> [Requirement]:
Copy every entry below exactly, and keep out the pictures.

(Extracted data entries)
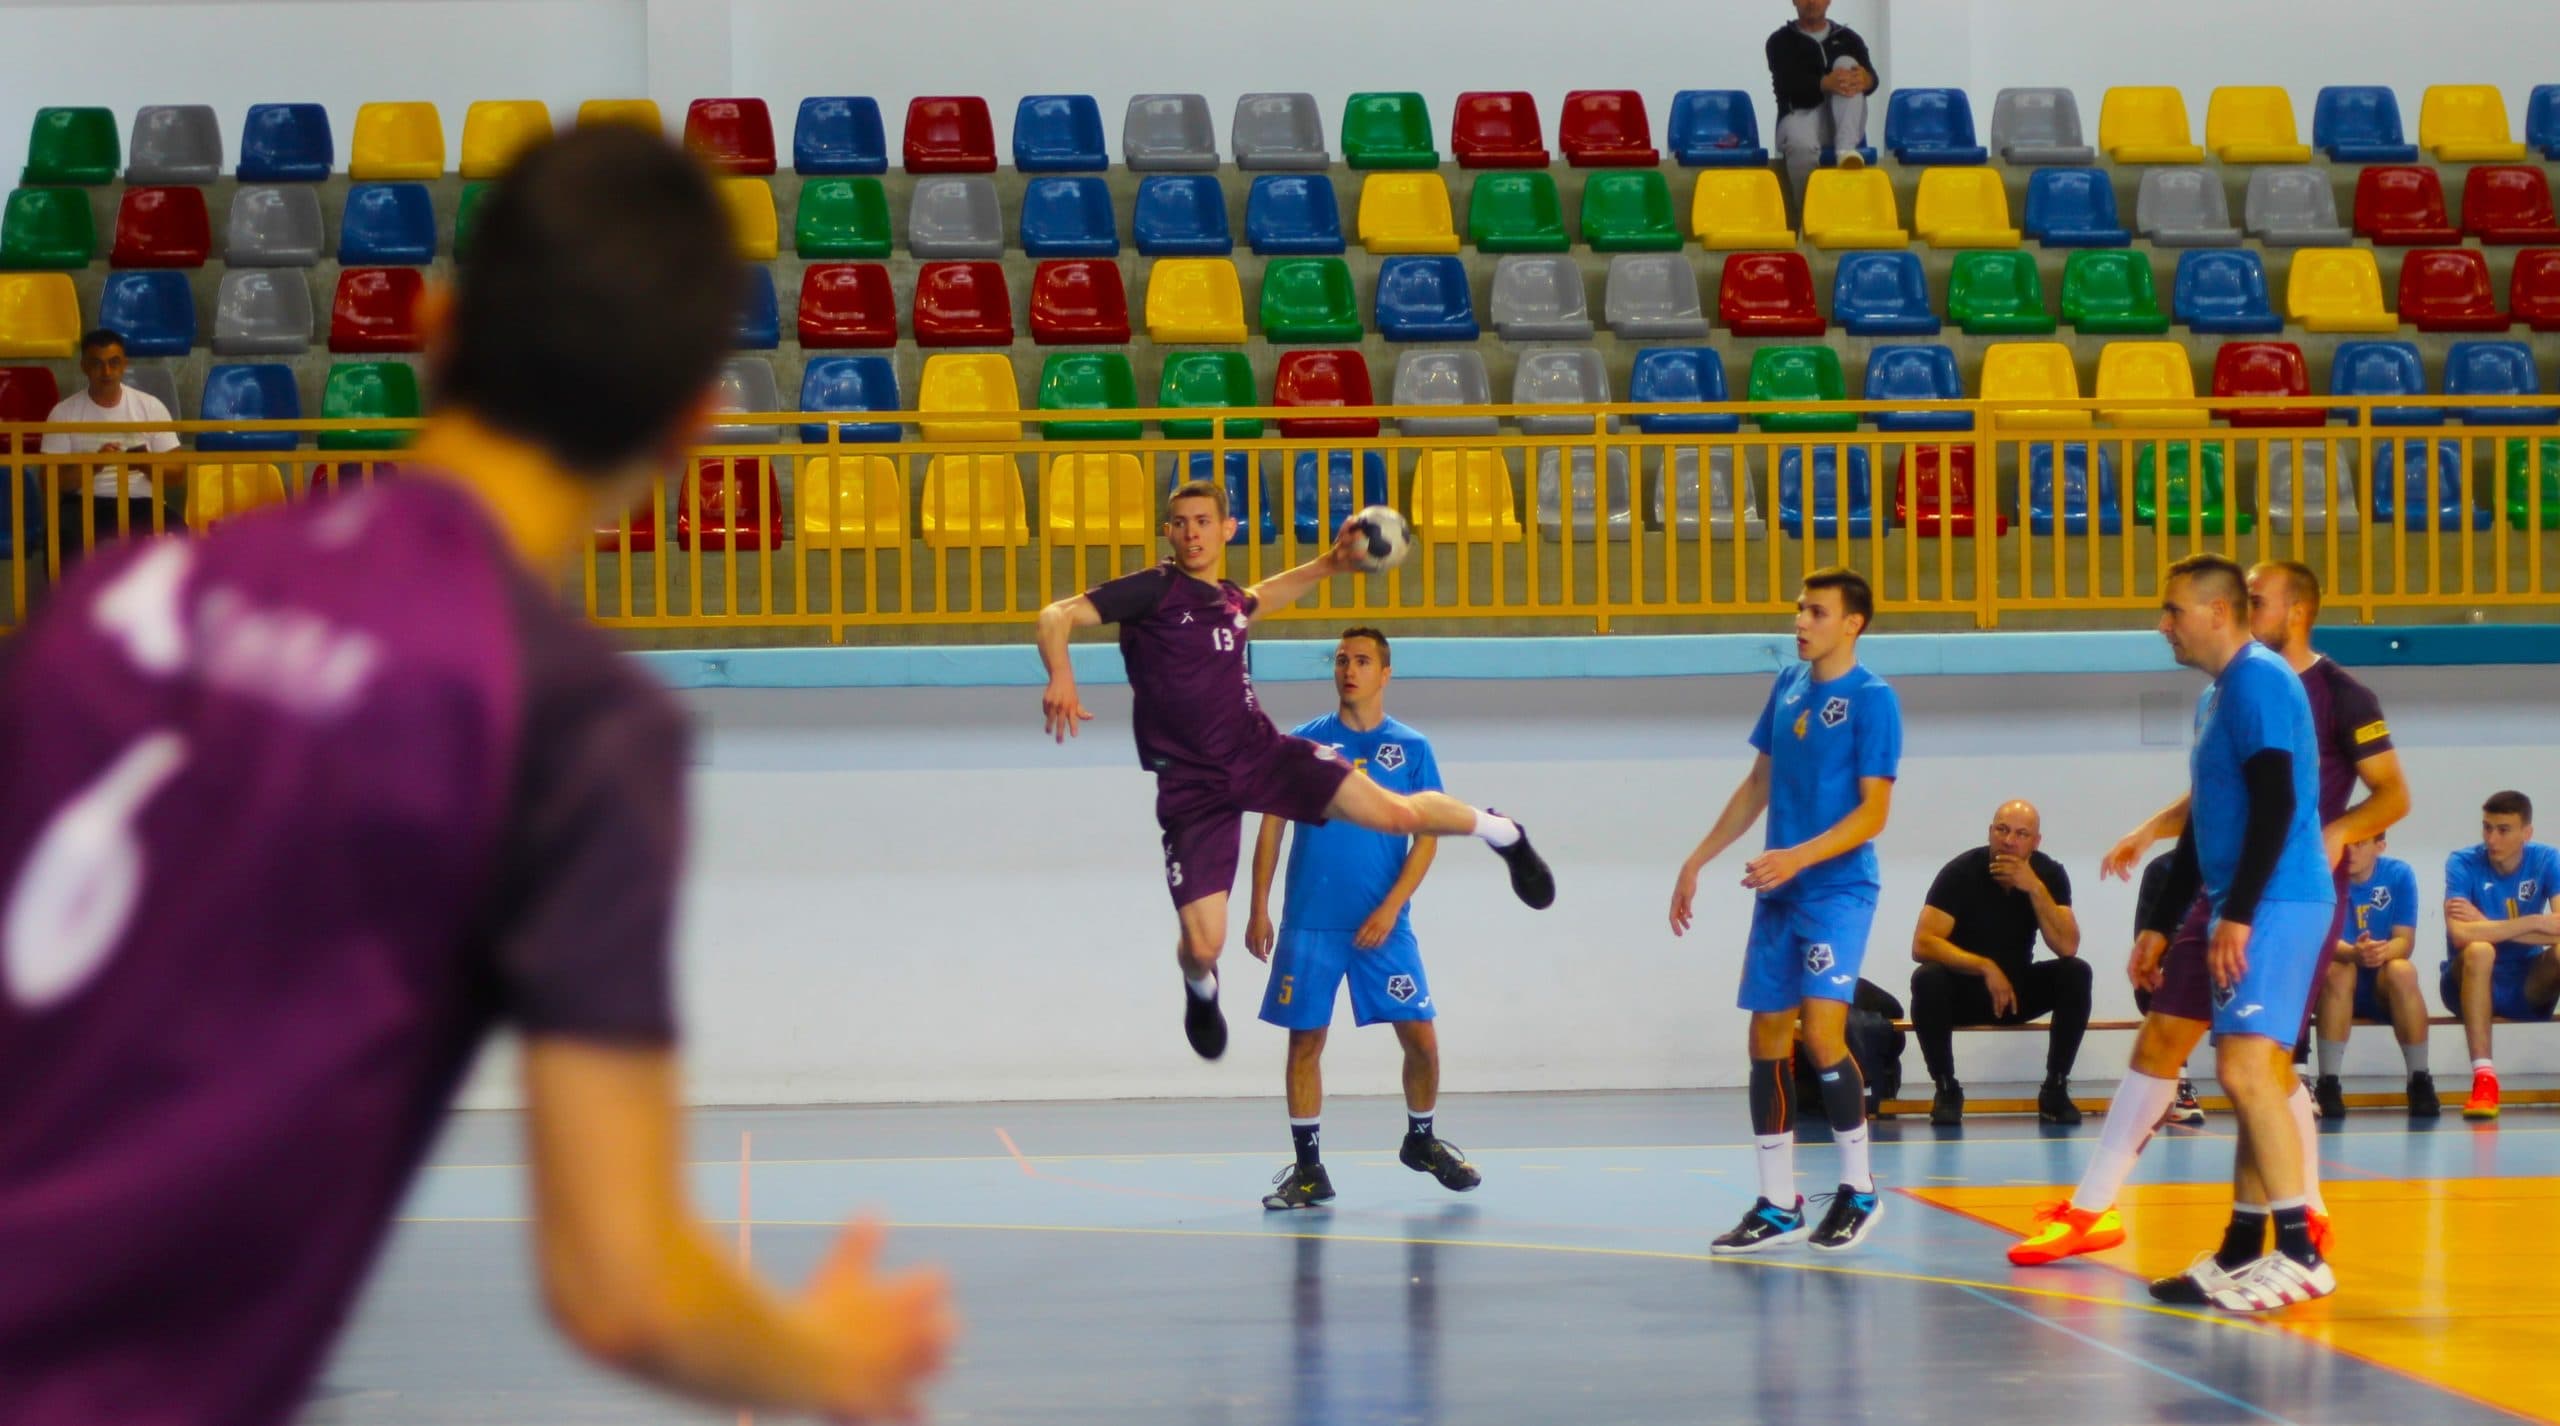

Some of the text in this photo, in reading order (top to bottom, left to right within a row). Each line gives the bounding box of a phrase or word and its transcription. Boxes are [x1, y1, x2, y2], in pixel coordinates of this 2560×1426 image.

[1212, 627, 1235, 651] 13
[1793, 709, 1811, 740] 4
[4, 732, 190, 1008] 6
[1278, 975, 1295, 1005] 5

> [Problem solution]:
Some of the text in this photo, in reading order (top to bottom, left to right within a row). Each line gives the bounding box of a phrase or word and its transcription. Boxes are [x1, y1, x2, y2], in pixel coordinates of this 2560×1426 image.

[1212, 627, 1235, 651] 13
[1793, 709, 1811, 740] 4
[4, 732, 190, 1008] 6
[1278, 975, 1295, 1005] 5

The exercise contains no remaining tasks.